Clark’s advanced age and her charitable work in prison as reasons they
voted for releasing her.
The panel’s dissenting member, Walter William Smith, who was first named
to the parole board by Gov. George E. Pataki in 1996, said that he
believed Ms. Clark’s release would undermine respect for the rule of law
and expressed concern how her parole would affect the victims’ families.
“The sounds of their weeping will remain,” he wrote.
Mr. Keenan echoed the sentiment, saying that the effects of the shooting
still lingered with him 37 years later. He has post-traumatic stress
disorder, he said.
While he said he believed the parole board had followed the law, Mr.

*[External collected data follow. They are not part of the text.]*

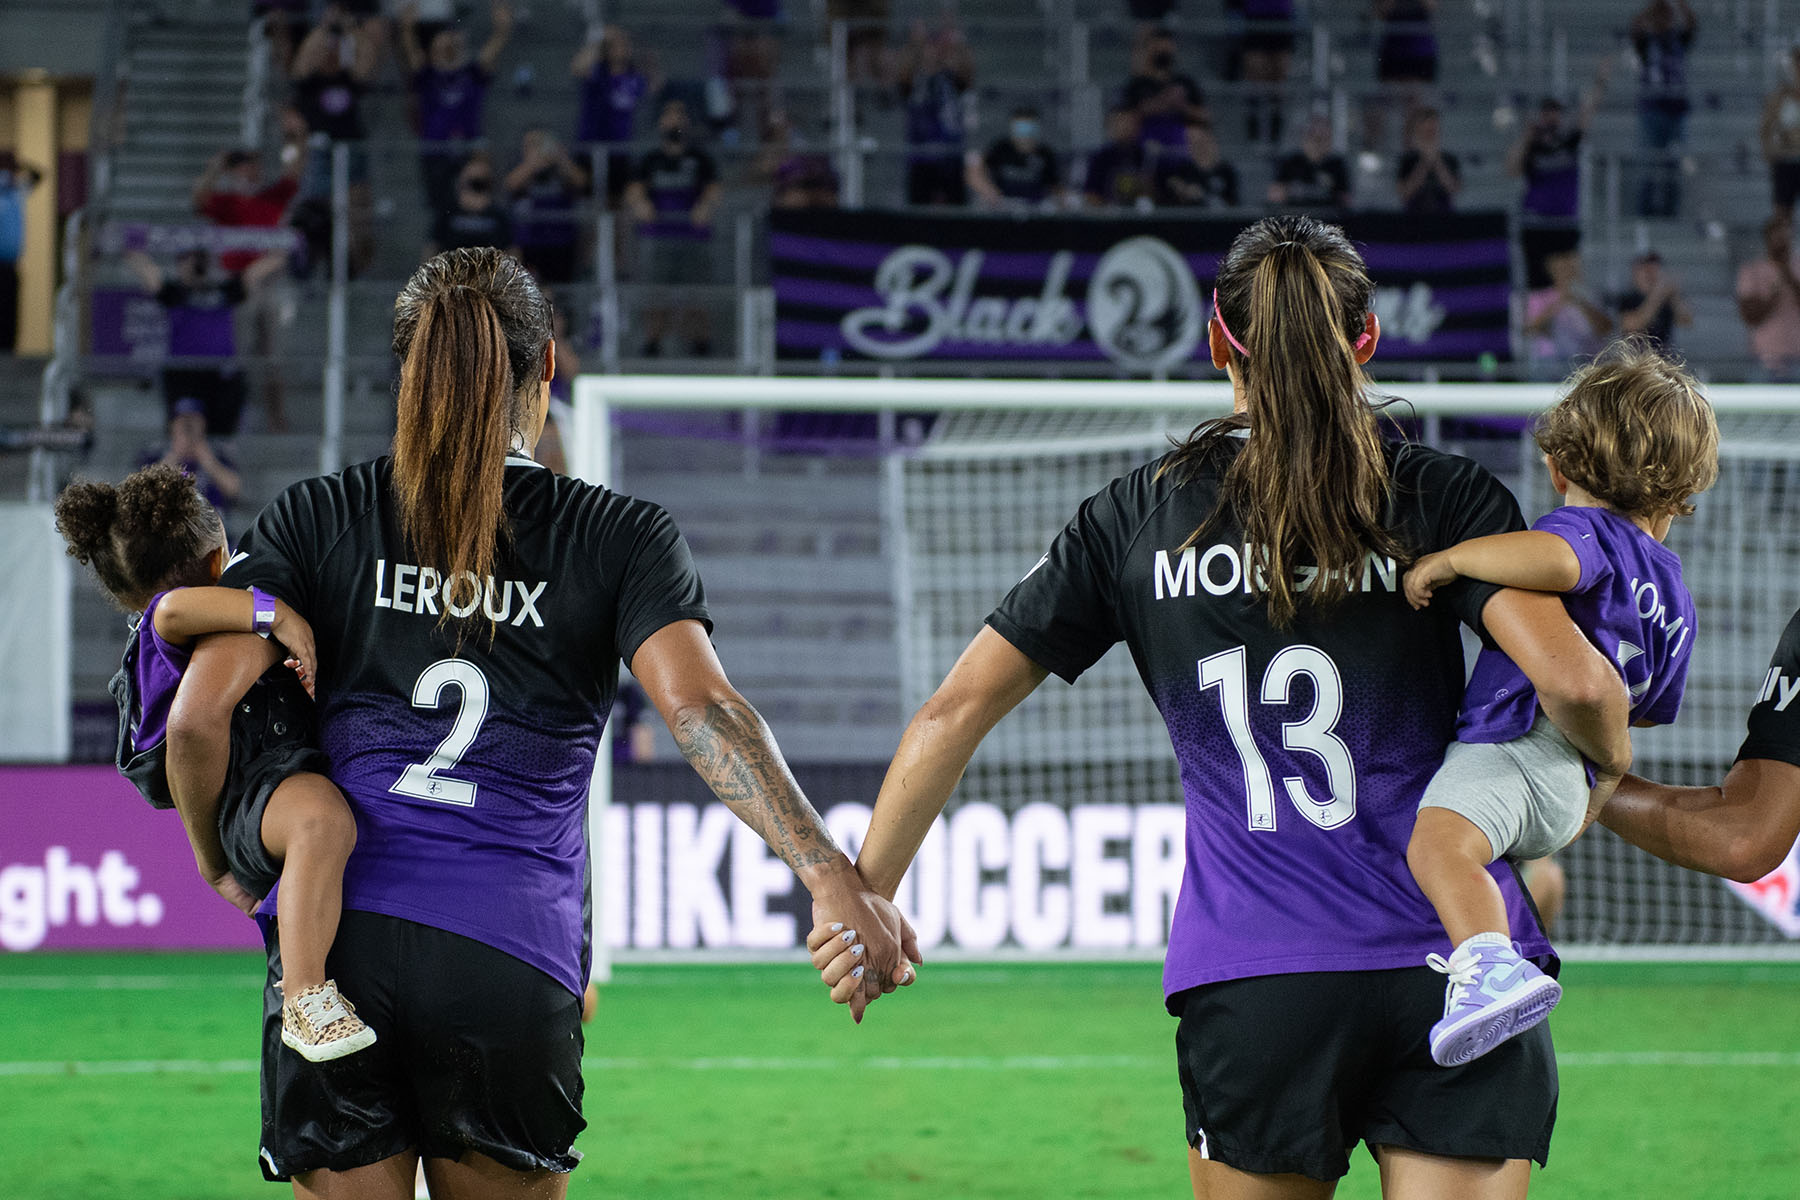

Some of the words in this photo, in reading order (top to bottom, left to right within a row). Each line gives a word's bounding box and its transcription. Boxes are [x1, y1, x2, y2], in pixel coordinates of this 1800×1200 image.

[841, 245, 1086, 359] Black
[374, 559, 548, 628] LEROUX
[388, 658, 490, 808] 2
[1198, 644, 1357, 832] 13
[0, 845, 164, 951] ght.
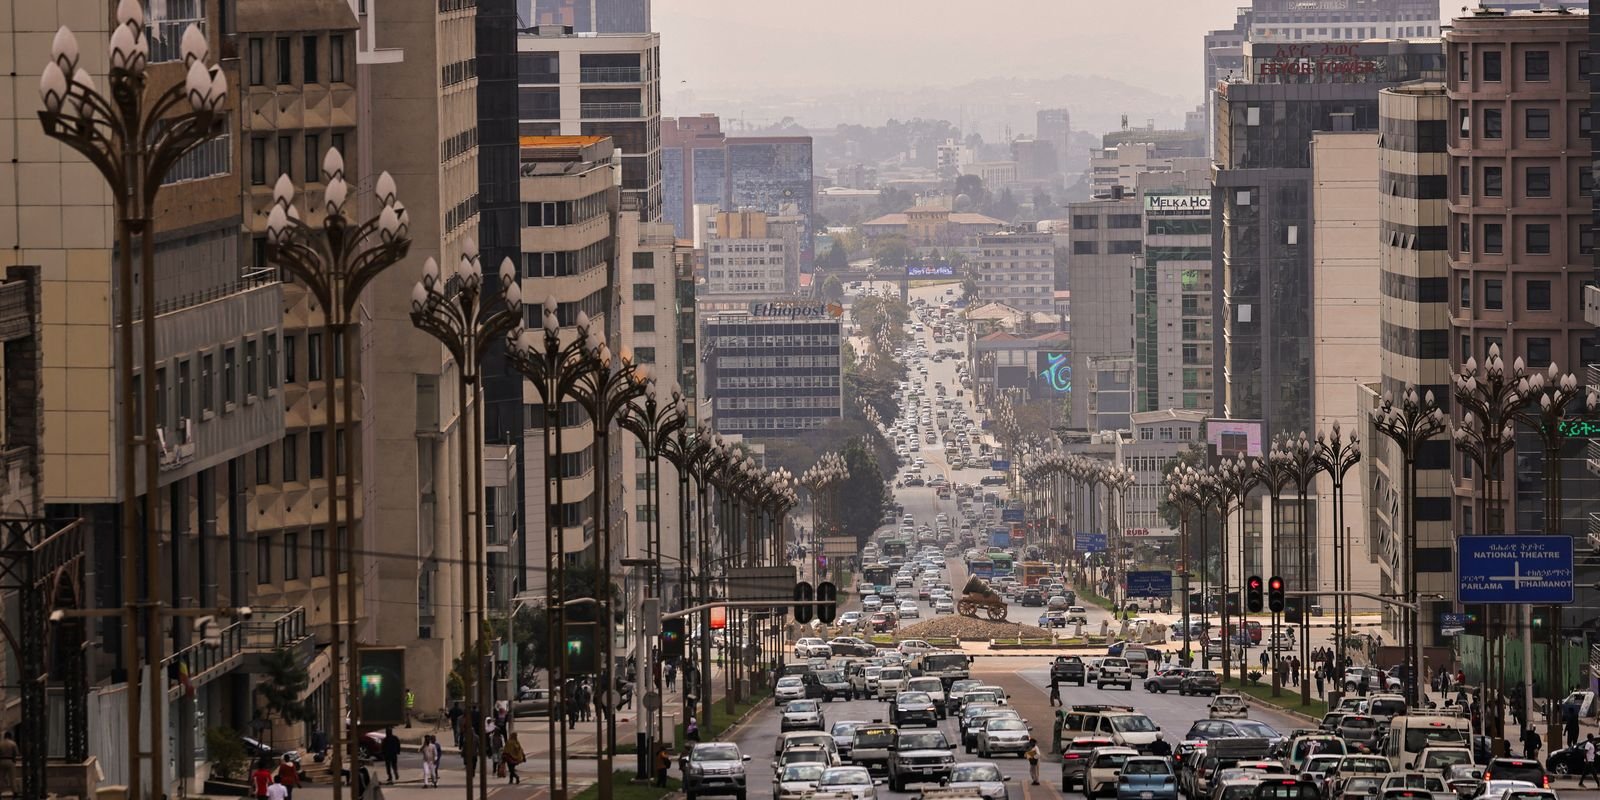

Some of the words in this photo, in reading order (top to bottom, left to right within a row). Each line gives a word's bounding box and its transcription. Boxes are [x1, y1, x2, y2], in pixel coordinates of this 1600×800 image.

[1150, 196, 1187, 207] MELKA
[753, 302, 826, 320] Ethiopost
[1126, 527, 1150, 536] RUBIS
[1473, 551, 1518, 559] NATIONAL
[1520, 551, 1560, 559] THEATRE
[1460, 582, 1503, 590] PARLAMA

Keenan criticized Mr. Cuomo for putting the matter in front of the board
in the first place.
“The governor’s decision to grant clemency on this was so one-sided,”
Mr. Keenan said. “And he refuses to even speak with me about it. How can
he ignore a police detective from the state of New York who was shot
during this crime?”
Ms. Clark, who was not available for an interview, was overwhelmed and
emotional about the decision, Mr. Cardozo said.

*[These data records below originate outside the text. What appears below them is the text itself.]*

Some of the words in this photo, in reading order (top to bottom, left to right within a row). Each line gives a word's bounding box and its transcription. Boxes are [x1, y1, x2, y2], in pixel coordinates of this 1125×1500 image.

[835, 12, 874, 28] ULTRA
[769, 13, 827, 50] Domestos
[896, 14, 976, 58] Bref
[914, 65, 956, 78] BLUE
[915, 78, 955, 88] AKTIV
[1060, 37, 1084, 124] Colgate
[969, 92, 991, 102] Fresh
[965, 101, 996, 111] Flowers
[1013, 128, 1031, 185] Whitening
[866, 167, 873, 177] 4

Another one of her lawyers, Steve Zeidman, said Ms. Clark planned to
work with Hour Children, a nonprofit that helps women in prison and
their families.
Three others convicted in the Brink’s robbery remain in prison. Mutulu
Shakur, whom prosecutors described as the mastermind behind the heist,
is incarcerated at the federal penitentiary in Victorville, Calif.,
according to federal Bureau of Prisons records.
Mr. Shakur, who is the stepfather of the deceased rapper Tupac Shakur,
was denied parole in 2018. He is scheduled to be released in 2024,
federal prison records show.
David Gilbert, who was convicted on second-degree murder and robbery
charges, is still being held at the maximum-security Wende Correctional
Facility in Alden, N.Y. He, like Ms. Clark, was sentenced to 75 years to
life. He will not be eligible for parole until 2056.
Samuel Brown, who the authorities believe fired the shots that killed
Sergeant O’Grady and Officer Brown, is still serving a 75-year sentence.
Kathy Boudin, who pleaded guilty to murder and robbery charges, served
22 years in prison before being paroled in August 2003. She works as an
adjunct professor at Columbia University.
Two others convicted in connection with the robbery, Kuwasi Balagoon —
also known as Donald Weems — and Marilyn Jean Buck, died in prison.
Vivian Wang and James C. McKinley Jr. contributed reporting.